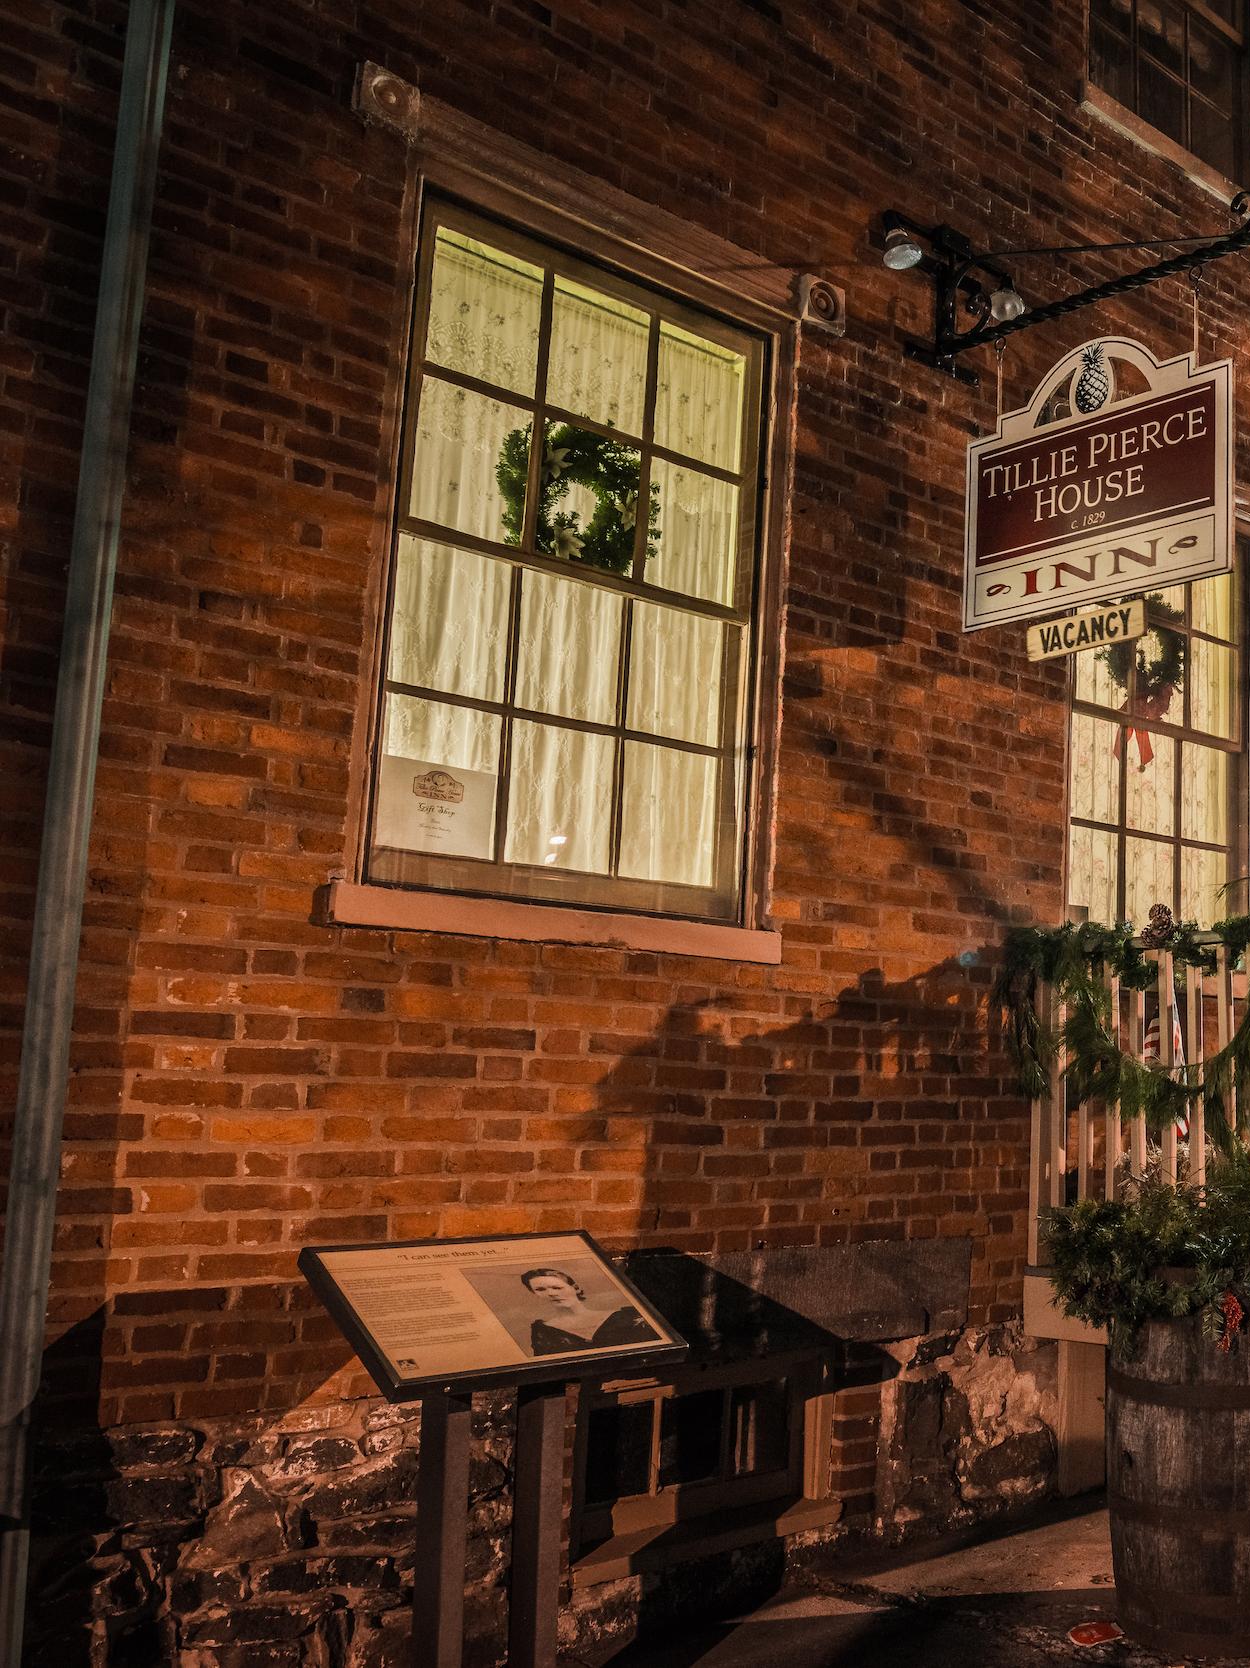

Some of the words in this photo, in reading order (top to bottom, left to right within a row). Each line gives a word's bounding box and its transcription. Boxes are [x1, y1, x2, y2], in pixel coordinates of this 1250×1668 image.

[982, 445, 1079, 499] TILLIE
[1087, 406, 1208, 470] PIERCE
[1033, 464, 1146, 523] HOUSE
[1082, 511, 1106, 528] 1829
[1019, 536, 1165, 599] INN
[1038, 606, 1133, 655] VACANCY
[451, 1250, 479, 1258] them
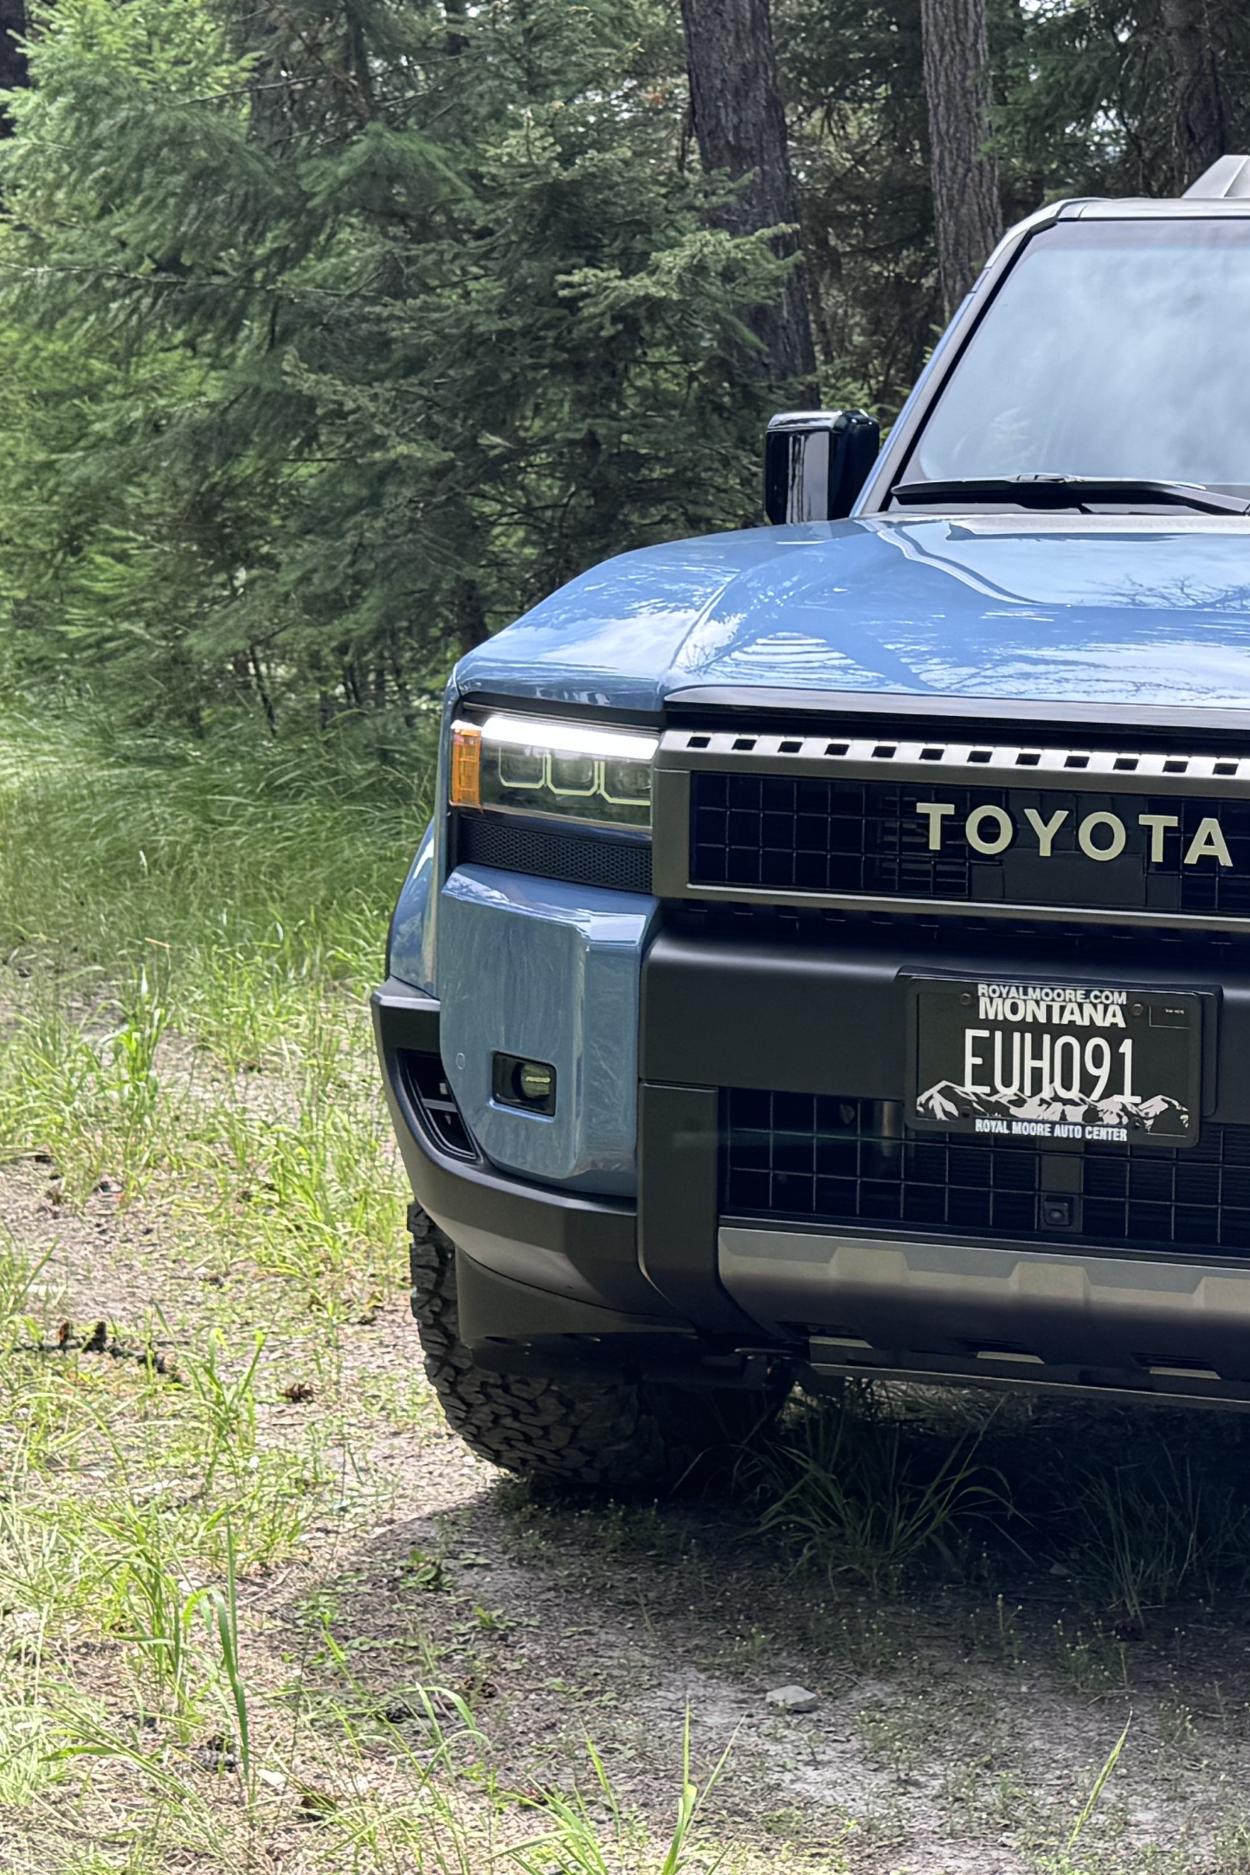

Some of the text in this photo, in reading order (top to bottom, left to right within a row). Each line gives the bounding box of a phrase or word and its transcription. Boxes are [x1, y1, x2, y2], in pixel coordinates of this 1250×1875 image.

▶ [To do]:
Leave the pictures out and write out every entry exactly as given.

▶ [Response to this task]:
Some of the words in this photo, in reading order (top to bottom, left to right within a row). Each line gives a word's bounding box and its transcription. Boxes are [x1, y1, x2, y2], in pixel coordinates of this 1250×1668 image.

[982, 445, 1079, 499] TILLIE
[1087, 406, 1208, 470] PIERCE
[1033, 464, 1146, 523] HOUSE
[1082, 511, 1106, 528] 1829
[1019, 536, 1165, 599] INN
[1038, 606, 1133, 655] VACANCY
[451, 1250, 479, 1258] them

Some of the text in this photo, in reading order (top to bottom, left to right within a row). Each line gives the bounding box of a phrase or word and its transcription. Boxes are [x1, y1, x2, y2], in pixel coordinates of this 1250×1875 image.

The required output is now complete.